__What the task asks__: Leaving the pictures aside, repeat every line below exactly.

__The input__:

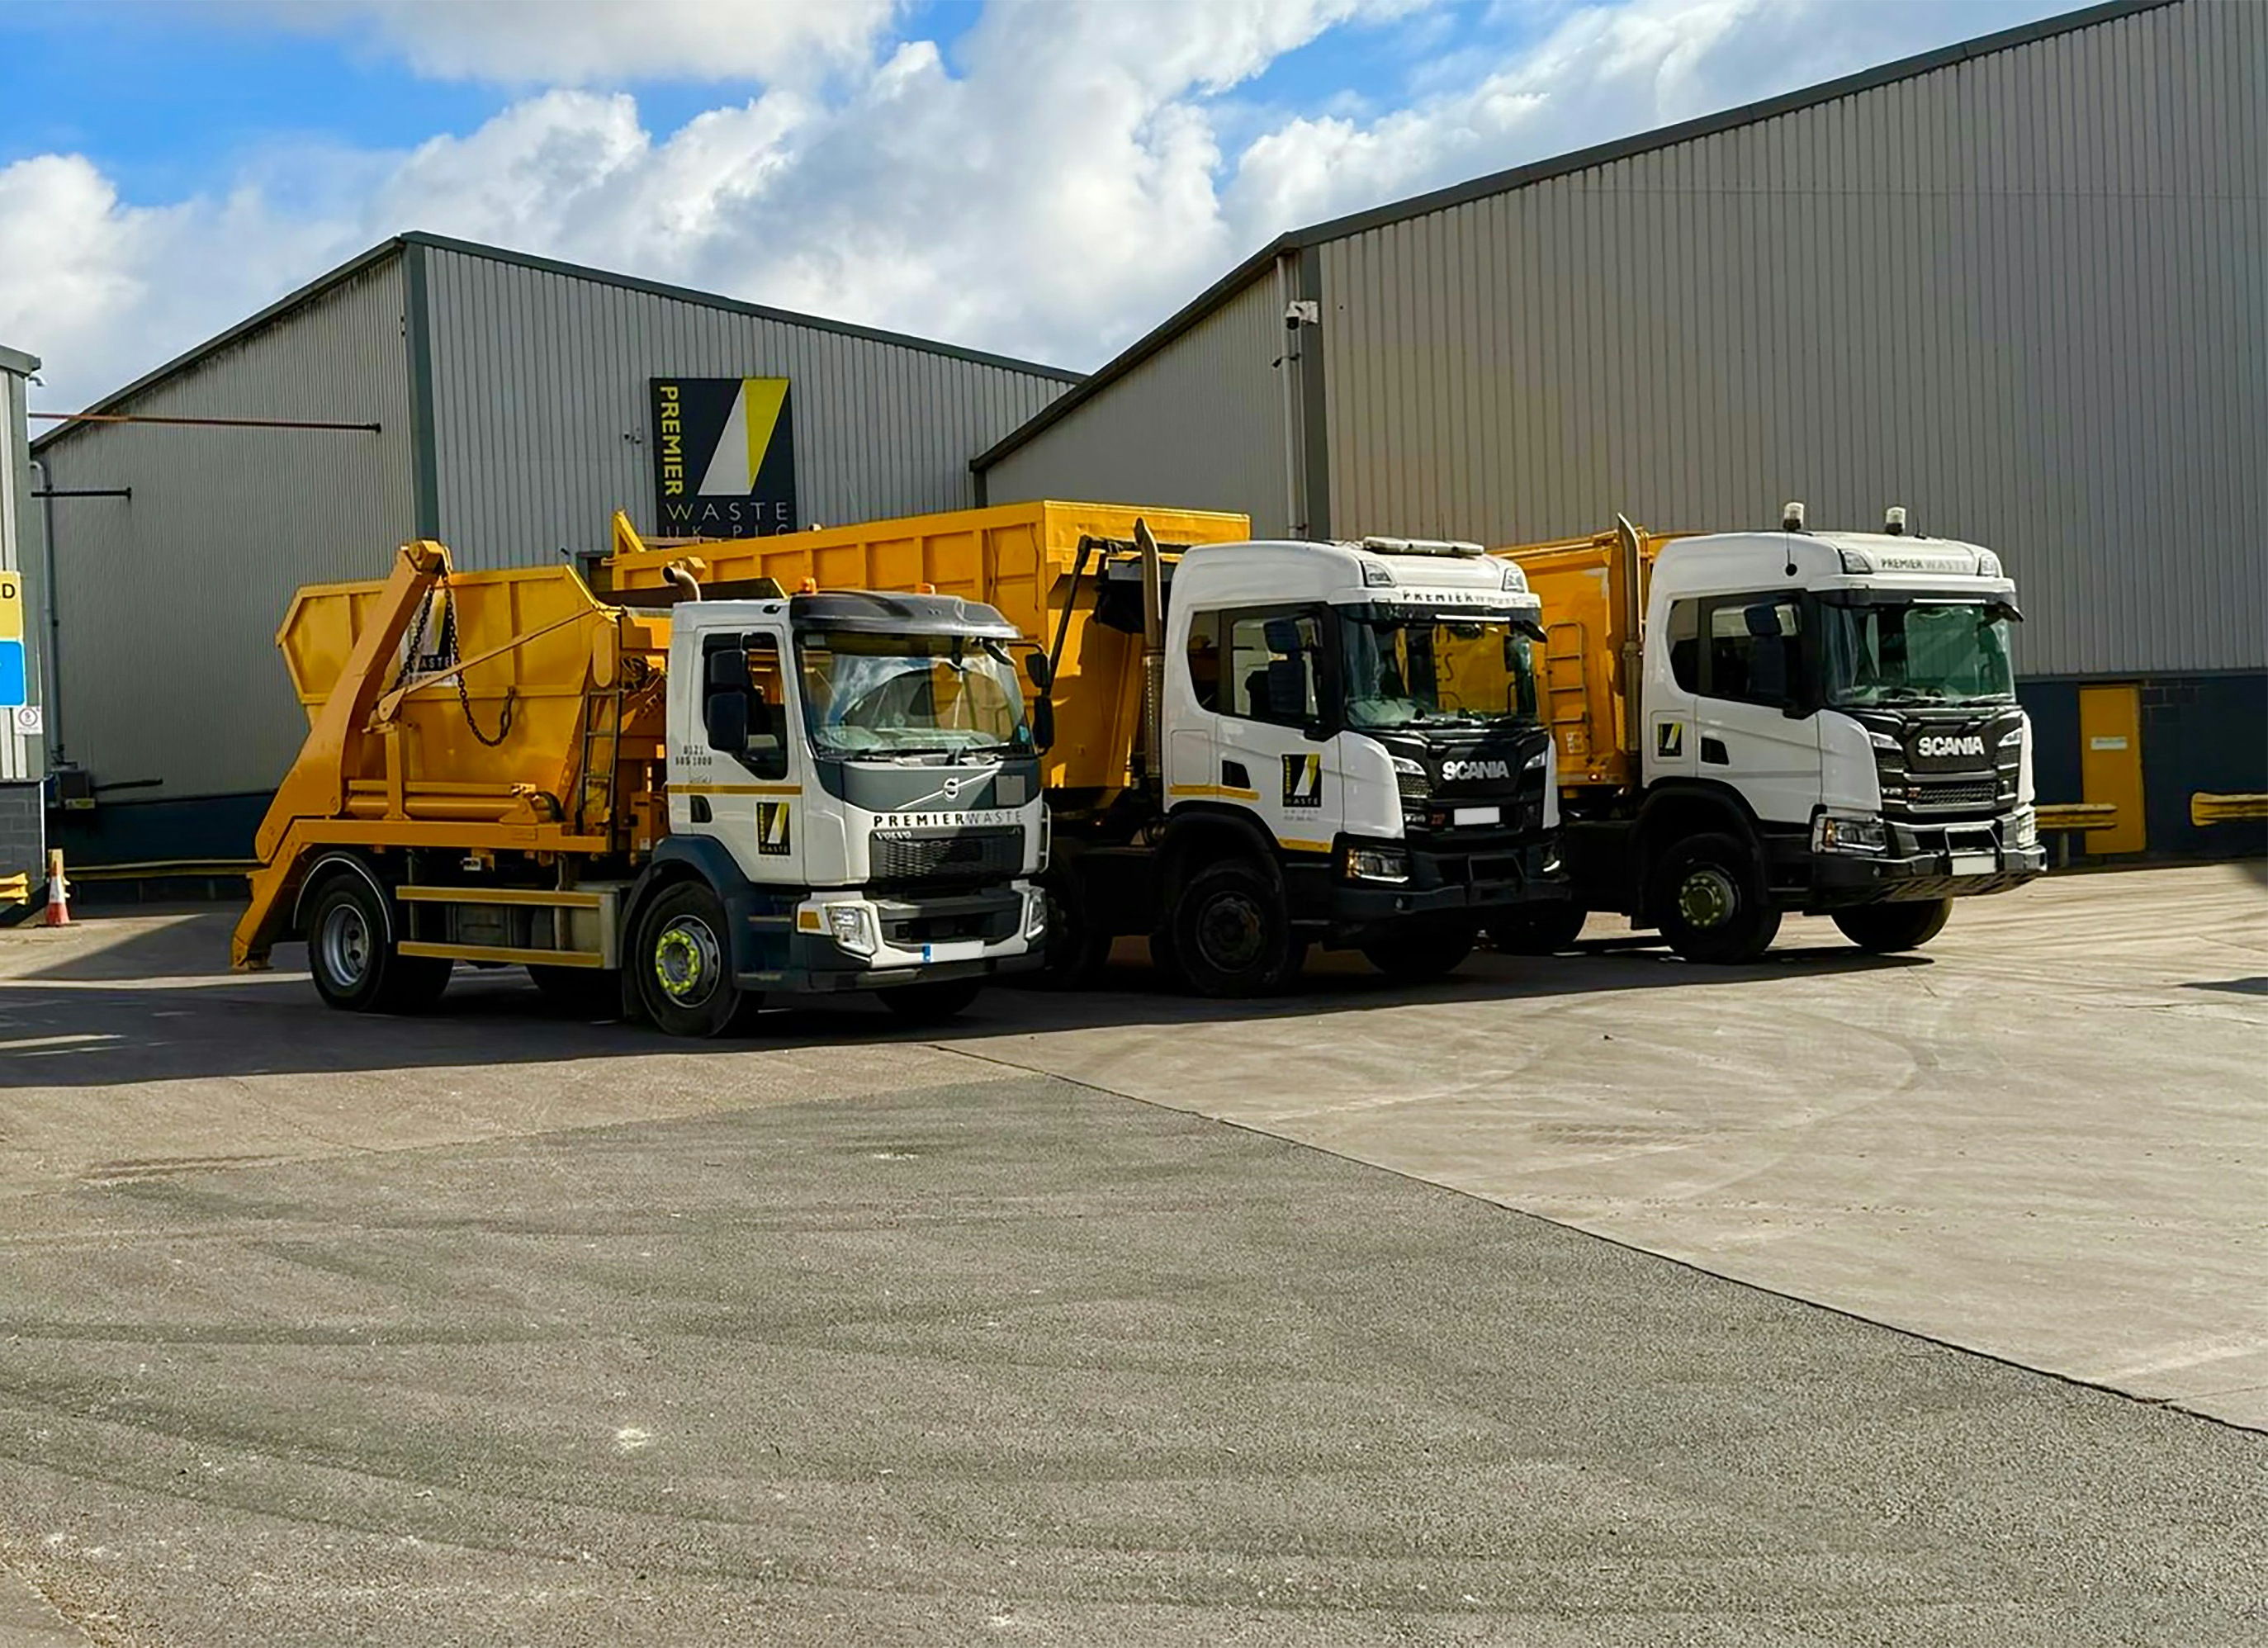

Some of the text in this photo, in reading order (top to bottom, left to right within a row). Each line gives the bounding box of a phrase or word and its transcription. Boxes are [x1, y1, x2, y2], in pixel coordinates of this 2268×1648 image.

[660, 386, 684, 496] PREMIER
[665, 501, 788, 521] WASTE
[1917, 736, 1985, 757] SCANIA
[1442, 760, 1510, 781] SCANIA

__Output for this exercise__:
Some of the text in this photo, in reading order (top to bottom, left to right within a row). Each line gives the bounding box of a phrase or word and its transcription. Boxes are [x1, y1, x2, y2], in pixel coordinates of this 2268×1648 image.

[660, 386, 684, 496] PREMIER
[665, 501, 788, 521] WASTE
[1917, 736, 1985, 757] SCANIA
[1442, 760, 1510, 781] SCANIA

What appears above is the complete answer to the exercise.